Allen was in the third month of his Illinois-Indiana Sea Grant fellowship with the National Oceanic Atmospheric Administration (NOAA) when there was an explosion on the Deepwater Horizon drilling rig on April 20, 2010 that killed 11 workers and resulted in oil being pumped in the Gulf for almost three months.
“We won’t know the full effects and the real answers for years,” said Allen, who received his Ph.D. in ecology, evolution, and conservation biology at the University of Illinois at Urbana-Champaign in 2009. “It is very disheartening because the Gulf is already a stressed ecosystem, and (the spill) is one more major kick in the gut. It is going to be interesting to see what happens over the next five to 10 years.”
The National Sea Grant College Program established the Knauss Marine Policy Fellowship in 1979. Graduate students accepted into the program travel to the Washington, D.C. area to work on marine policy in legislative and executive offices.
Soon Allen’s office, the Office of Laboratories and Cooperative Institutes, located in Silver Spring, Md., was tasked to put together a group that would coordinate major components of the science and research response to the oil spill disaster.
“NOAA is the lead science agency for oil spills, so all aspects of the enterprise came into play,” Allen said, adding that they worked on researching seafood safety, dispersants, oil properties in the water, and more.
Allen worked with the federal agency’s leadership to track activities in the Gulf; develop and submit science proposals with the laboratories; and secure reimbursement and new funding for completed, ongoing and proposed activities.
While Allen was never sent to the actual site of the spill, he said the experience gave him a new perspective on how the government responds to a crisis of this magnitude.
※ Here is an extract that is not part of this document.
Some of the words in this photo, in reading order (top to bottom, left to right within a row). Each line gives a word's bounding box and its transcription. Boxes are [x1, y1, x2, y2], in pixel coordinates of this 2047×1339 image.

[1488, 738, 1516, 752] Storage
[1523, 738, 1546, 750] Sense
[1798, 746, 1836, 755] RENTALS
“We were just one agency among many that had a mandate from Congress to respond to a spill like this,” he said. “Setting up the coordination mechanism across government agencies to make this happen was just incredible to see.”
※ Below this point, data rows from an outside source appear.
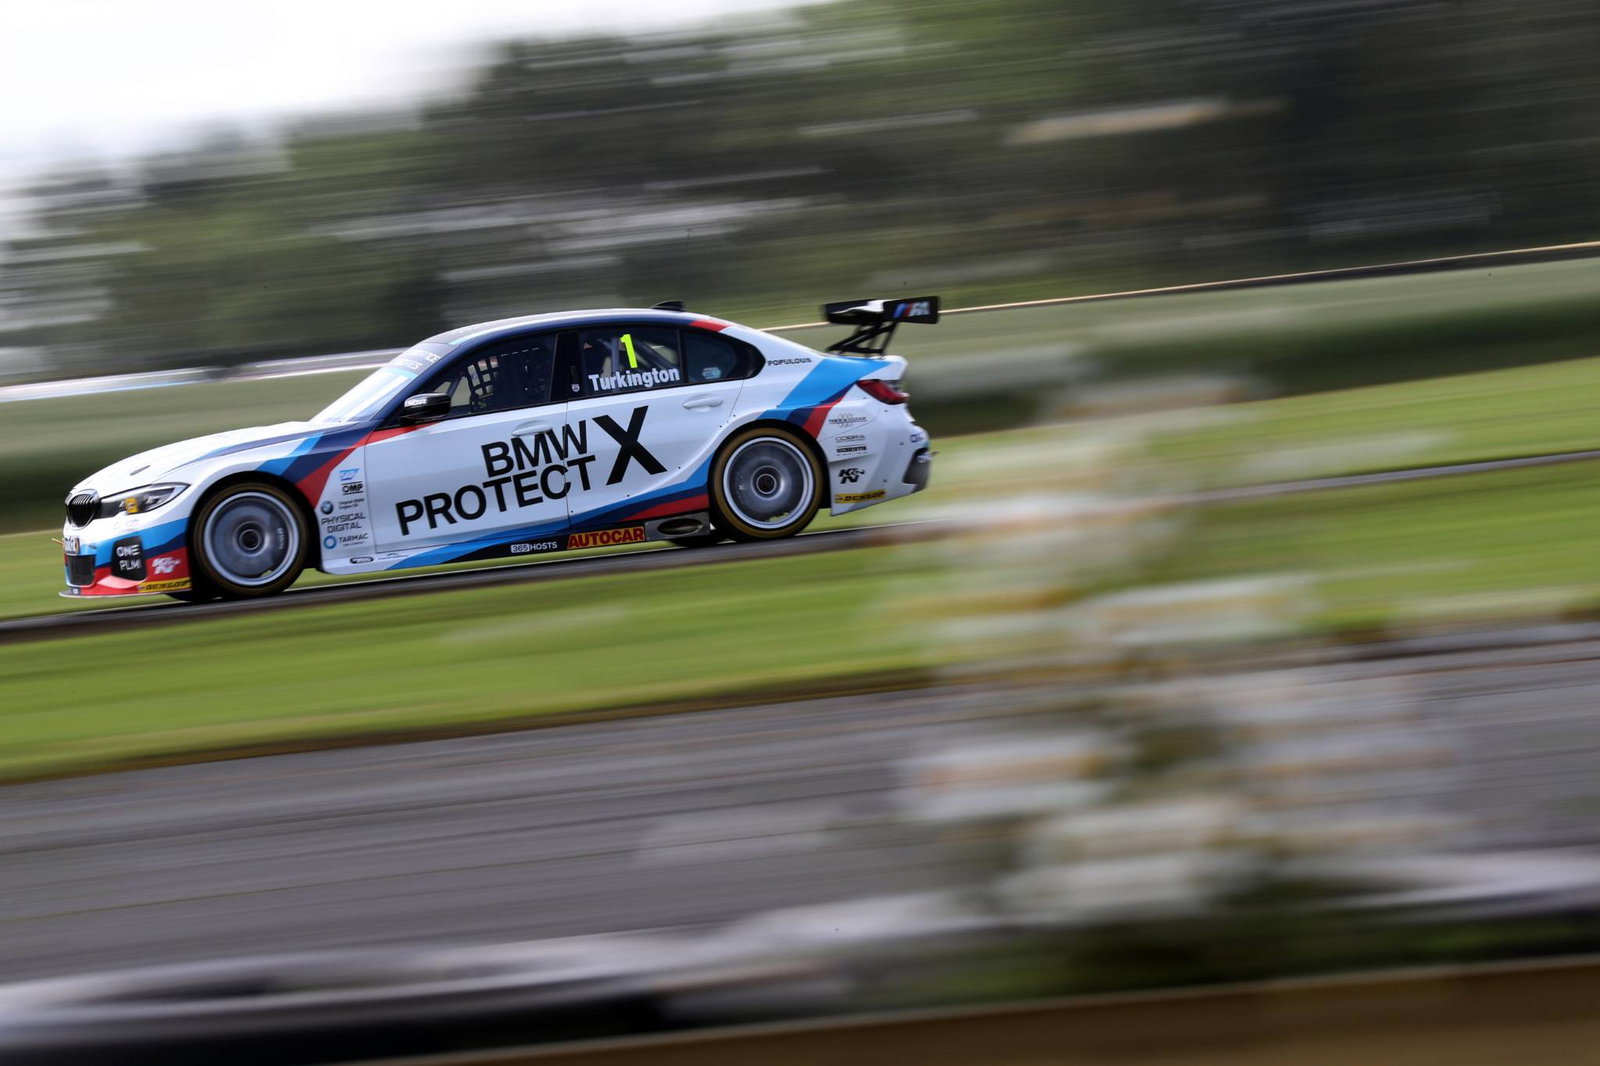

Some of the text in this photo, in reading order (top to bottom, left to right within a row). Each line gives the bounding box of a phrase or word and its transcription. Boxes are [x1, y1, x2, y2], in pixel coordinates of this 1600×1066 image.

[620, 334, 638, 368] 1
[767, 357, 812, 366] POPULOUS
[588, 368, 680, 391] Turkington
[481, 420, 588, 478] BMW
[592, 405, 667, 486] X
[342, 483, 364, 493] OMP
[395, 455, 595, 536] PROTECT
[321, 511, 367, 525] PHYSICAL
[326, 521, 362, 533] DIGITAL
[338, 532, 369, 543] TARMAC
[567, 526, 645, 549] AUTOCAR
[116, 544, 140, 557] ONE
[120, 560, 140, 571] PLM
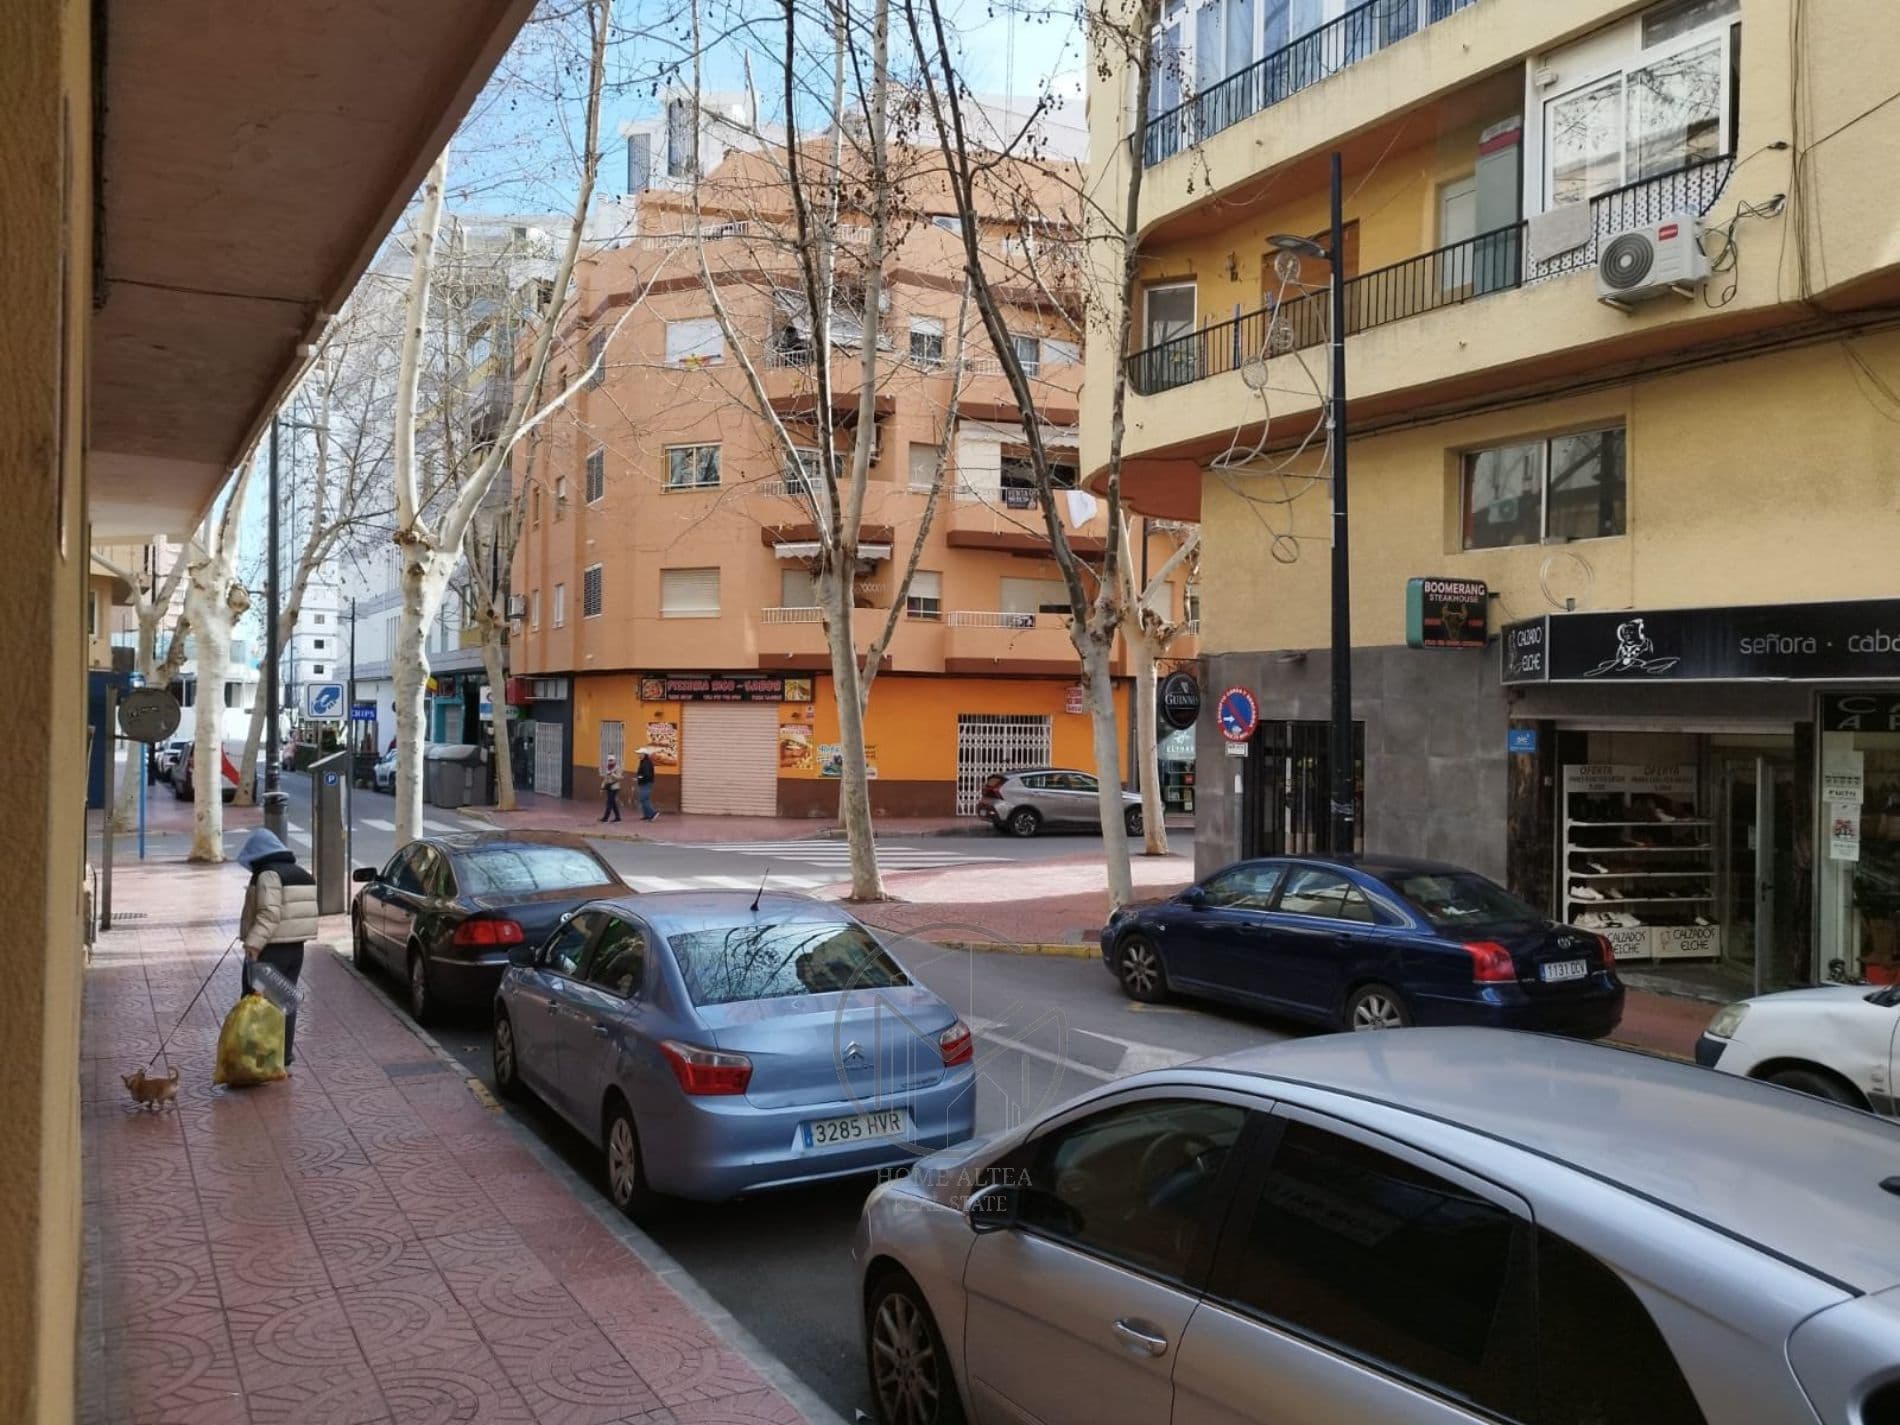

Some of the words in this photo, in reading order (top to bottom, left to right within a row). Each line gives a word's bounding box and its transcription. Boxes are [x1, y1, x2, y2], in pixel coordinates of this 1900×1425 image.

[1424, 581, 1485, 596] BOOMERANG
[1429, 593, 1479, 603] STEAKHOUSE
[1740, 633, 1817, 654] señora
[815, 1118, 862, 1144] 3285
[867, 1112, 901, 1136] HVR
During his fellowship, Allen also worked as the primary liaison between NOAA’s administrative headquarters and the three “wet labs” – the Pacific Marine Environmental Laboratory, the Atlantic Oceanographic and Meteorological Laboratory, and the Great Lakes Environmental Research Laboratory.
Allen’s yearlong fellowship ran through the end of January 2011, when the program allowed him to transition to a contract position with 2020 Company, LLC, which has placed him in NOAA as a policy analyst.
“(The fellowship) has been an absolutely fabulous experience for me,” he said. “Being here in D.C. and seeing how the agency works and interacts with other agency offices has been very eye-opening for how the government functions and how people get things done.”
He also said the fellowship gave him the opportunity to travel to various offices and laboratories as well as develop valuable contacts.
“I encourage other people in Illinois and Indiana to consider applying for this fellowship because it is a once-in-a-lifetime opportunity to experience policy in Washington, D.C.,” Allen said. “It will open your eyes to the way government works.”